Beatriz e Laura em confronto

Livio Panizza (UERJ)

Em Petrarca, pai do humanismo literário, manifestam-se com energia as características dos novos tempos; o estudo dos clássicos, o achado de obras antigas, um estilo mais polido, um gosto mais refinado, o culto pela forma, são alguns dos aspectos que marcam o novo mundo literário de Petrarca. Depois de debruçar-se sobre as obras de Tito Lívio, de Cícero, de Virgílio, depois de apreciá-las e degustá-las, certamente lhe pareceu bárbaro o latim de Dante, dos escolásticos, como também o mundo escolástico, alegórico, místico. Petrarca desejava uma restauração da antiguidade greco-latina, tão familiar lhe parecia o mundo antigo que escrevia cartas a Horácio, a Virgílio, a Homero, a Cícero, a Sêneca, a Quintiliano, a Tito Lívio.

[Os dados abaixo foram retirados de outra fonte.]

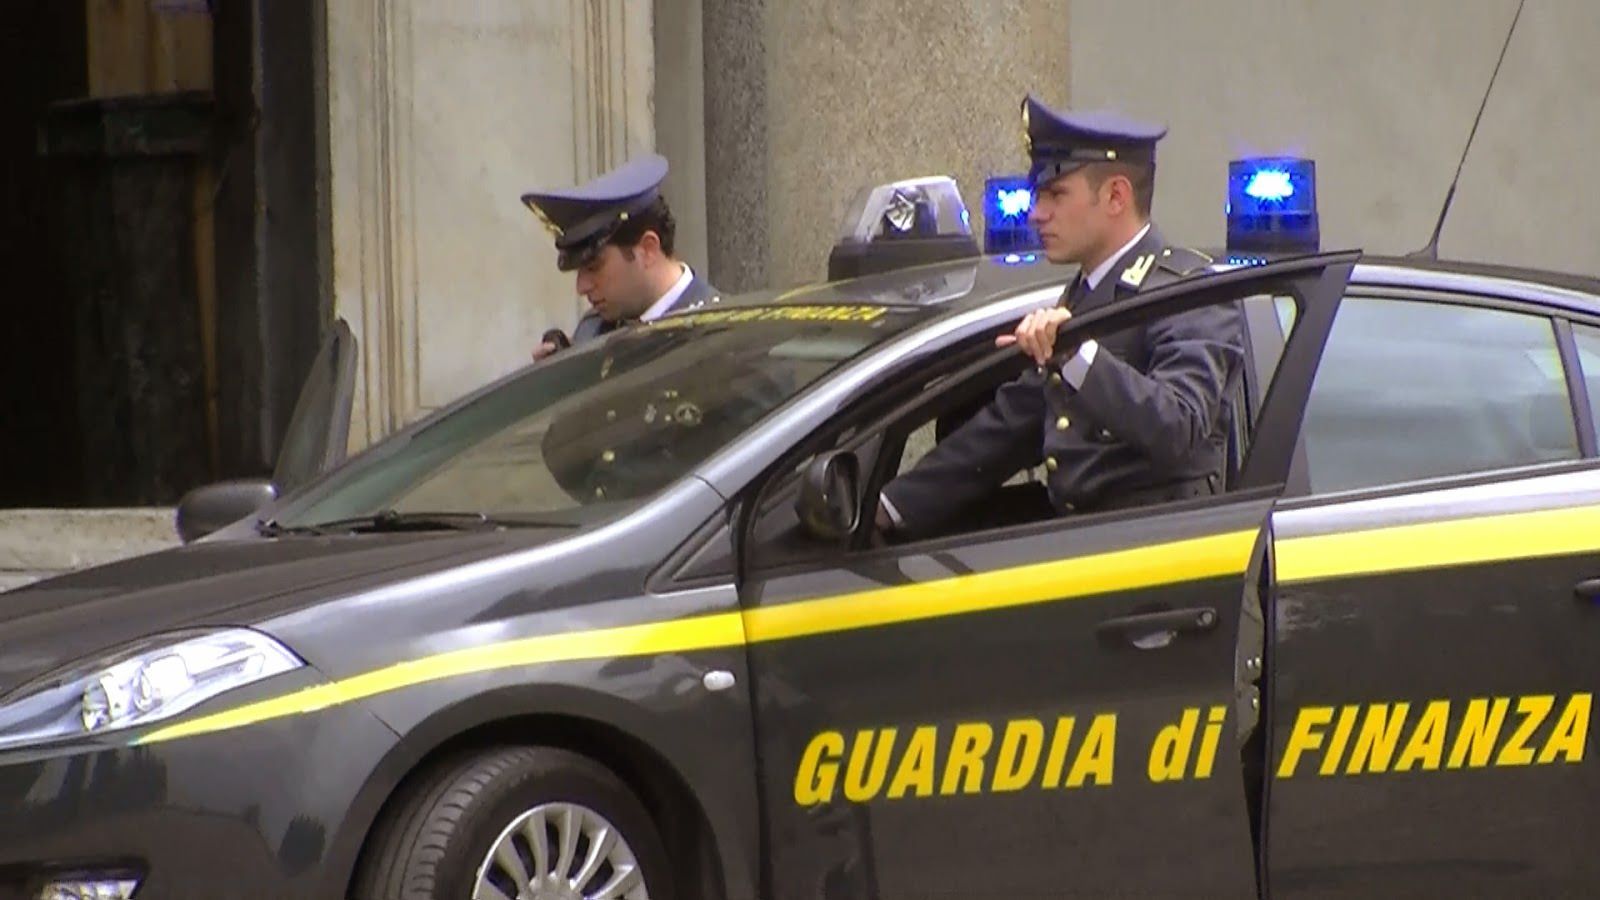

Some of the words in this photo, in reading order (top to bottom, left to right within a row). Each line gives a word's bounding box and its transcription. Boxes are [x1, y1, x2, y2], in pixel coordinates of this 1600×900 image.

[794, 713, 1117, 807] GUARDIA
[1148, 706, 1227, 783] di
[1276, 693, 1592, 779] FINANZA

Em sua obra “África” expôs suas opiniões, suas qualidades literárias: clareza e esplendor no estilo, o uso da arte do claro-escuro, a perfeita polidez e harmonia na escrita, sobriedade na argumentação, comedimento nos sentimentos, uma doce cor que tudo penetra sem perturbar o equilíbrio, a serenidade, a elegância da forma.

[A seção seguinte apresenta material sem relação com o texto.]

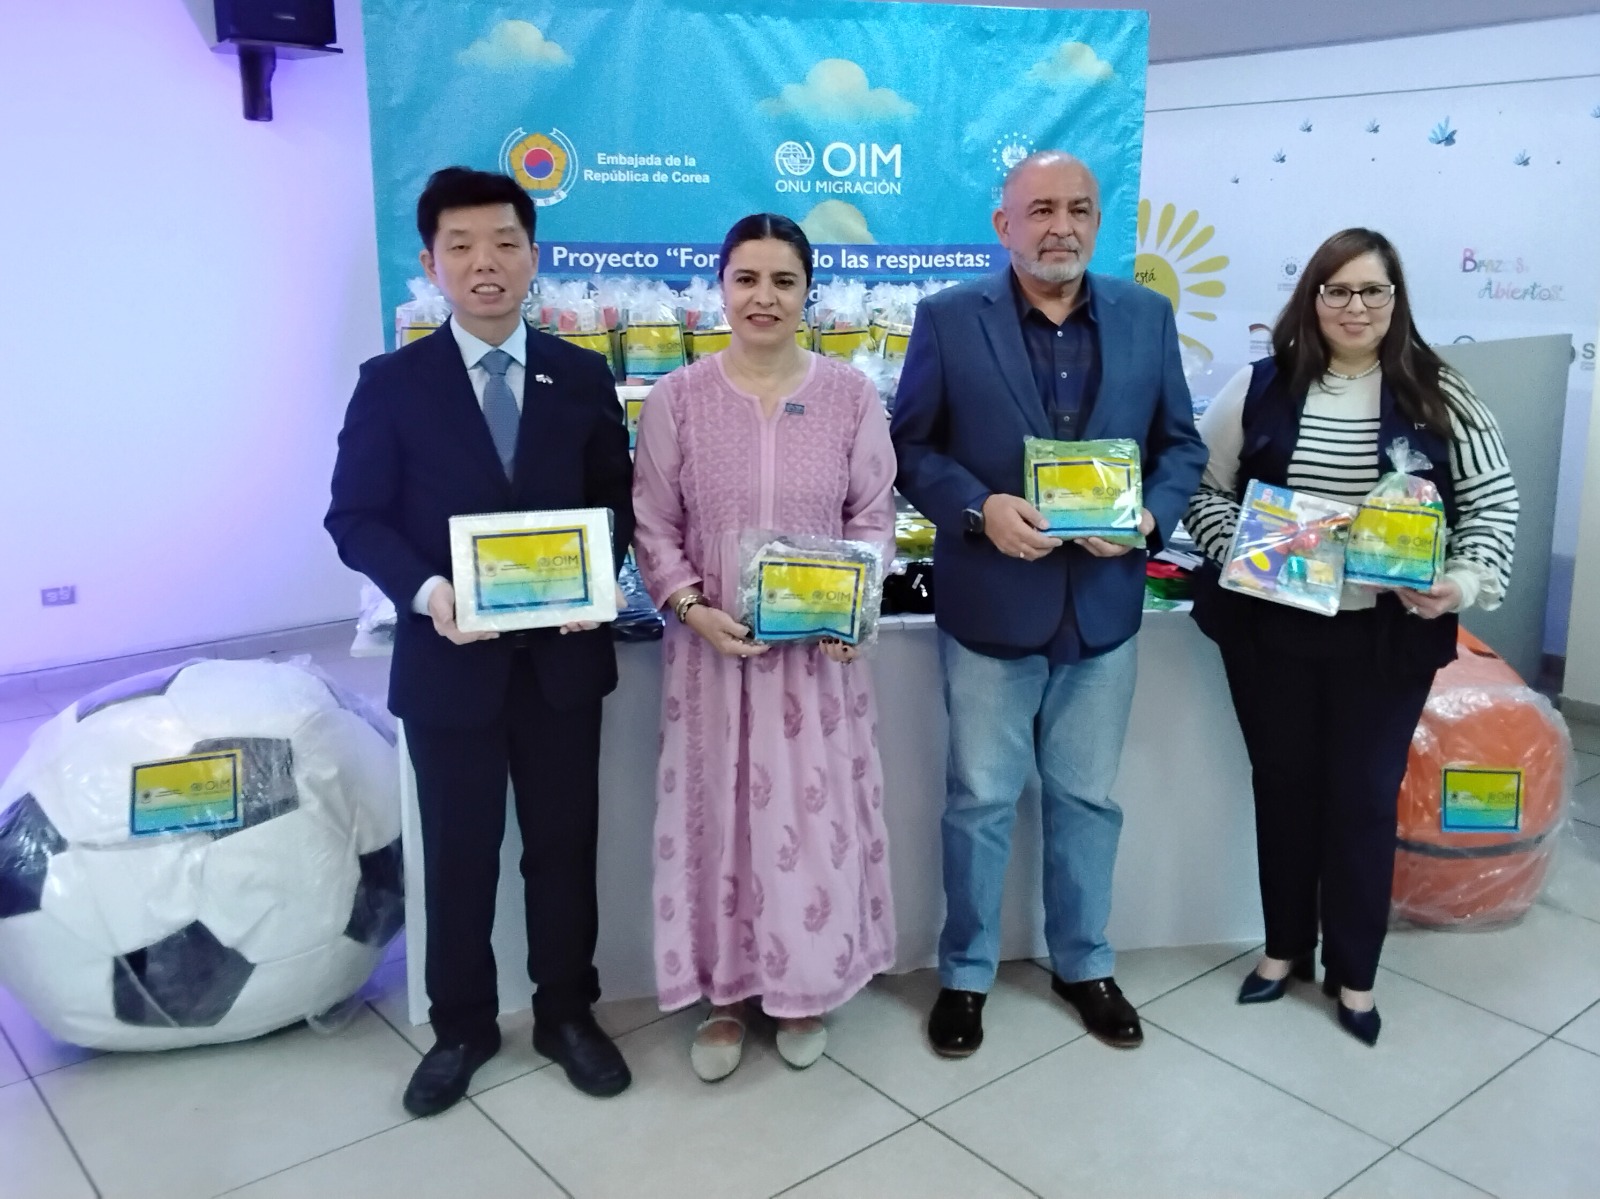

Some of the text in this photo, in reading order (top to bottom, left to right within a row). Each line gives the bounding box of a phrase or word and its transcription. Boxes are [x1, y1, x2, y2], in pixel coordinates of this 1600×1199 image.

[597, 152, 696, 168] Embajada de la
[822, 142, 902, 178] OIM
[583, 169, 710, 184] República de Corea
[775, 179, 902, 195] ONU MIGRACIÓN
[552, 246, 659, 273] Proyecto
[841, 249, 869, 269] las
[876, 251, 990, 274] respuestas:
[1135, 268, 1156, 284] está
[552, 555, 579, 567] OIM
[826, 590, 851, 602] OIM
[207, 779, 231, 791] OIM
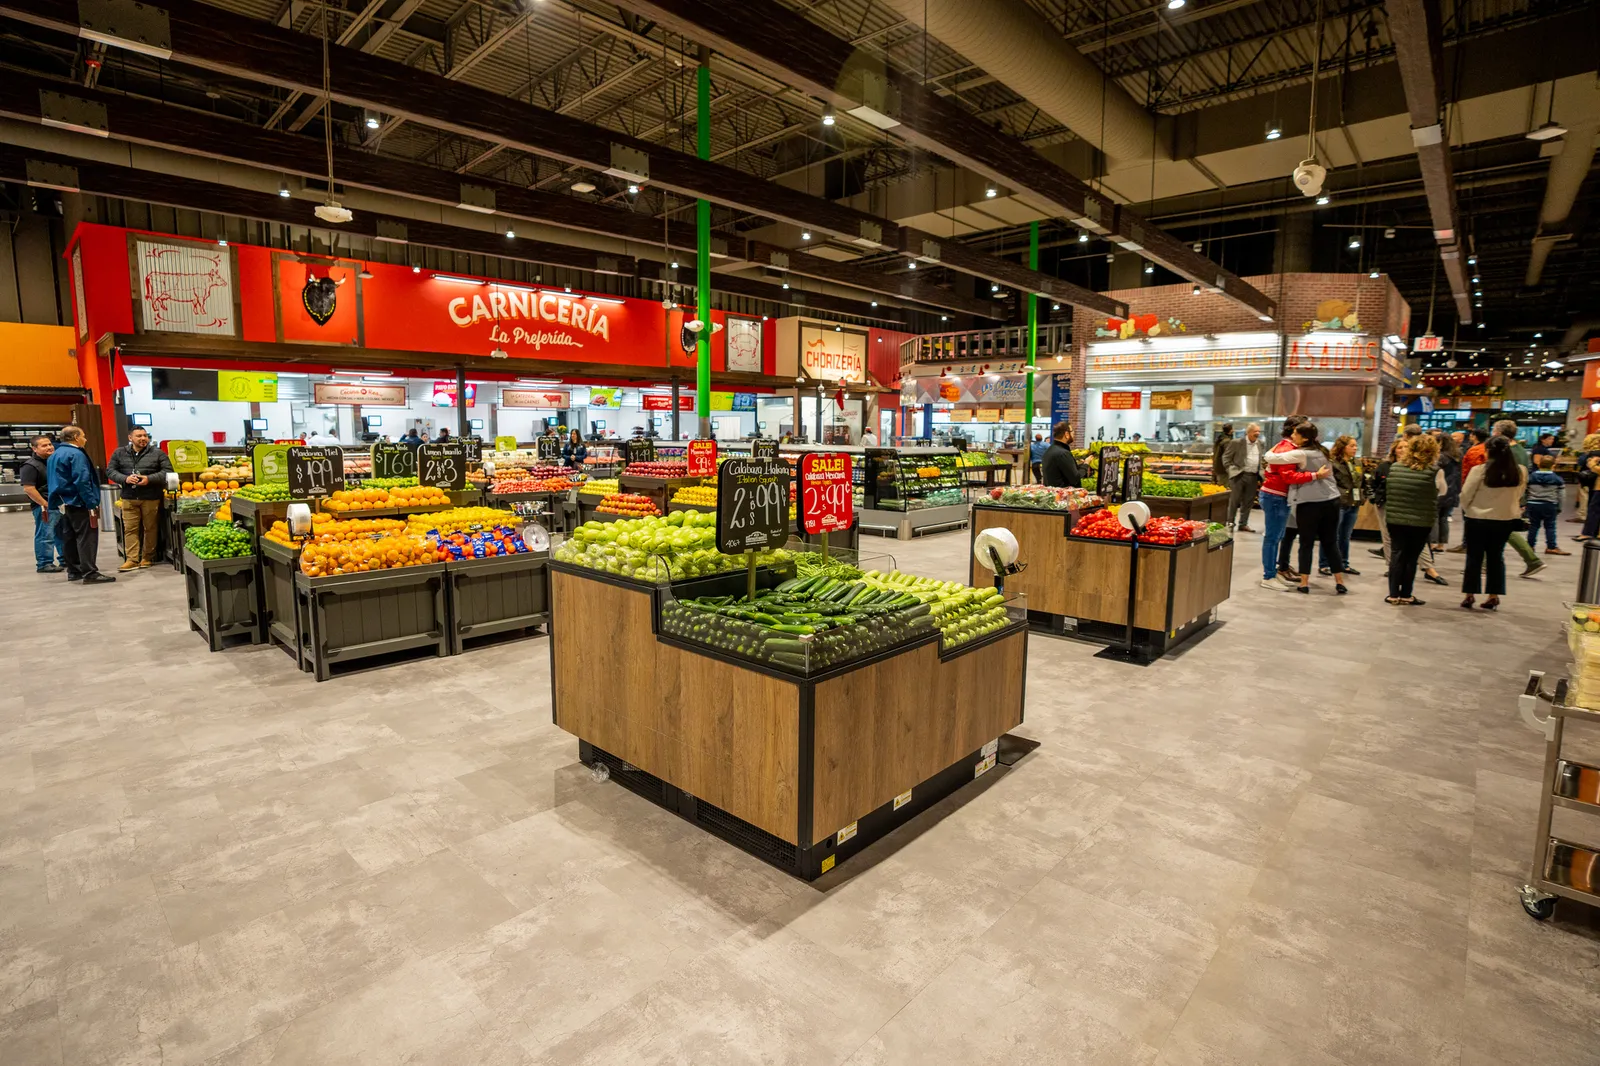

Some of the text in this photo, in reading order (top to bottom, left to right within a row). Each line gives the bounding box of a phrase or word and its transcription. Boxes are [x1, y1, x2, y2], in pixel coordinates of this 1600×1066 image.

[448, 291, 609, 342] CARNICERÍA
[489, 324, 510, 343] La
[1418, 338, 1438, 349] EXIT
[806, 351, 862, 372] CHORIZERÍA
[1093, 348, 1272, 371] ASADOS LOS MESQUITES
[1289, 341, 1377, 372] ASADOS
[981, 379, 1027, 394] LAS CAZUELA
[175, 448, 187, 461] 5
[262, 455, 278, 474] 5
[728, 461, 762, 475] Calabaza
[811, 458, 844, 472] SALE!
[736, 475, 758, 484] Italian
[729, 488, 746, 529] 2
[804, 487, 821, 515] 2

Em Dante, o cultivo à forma não está na elaboração literária, mas na arquitetura da ciência da vida, da criação representada com clareza, com coesão, da harmonia intelectual, da mística, da espiritualização, da história em que se desenvolve o mistério da redenção, da alma, da moral refletida na vida de forma séria e elevada.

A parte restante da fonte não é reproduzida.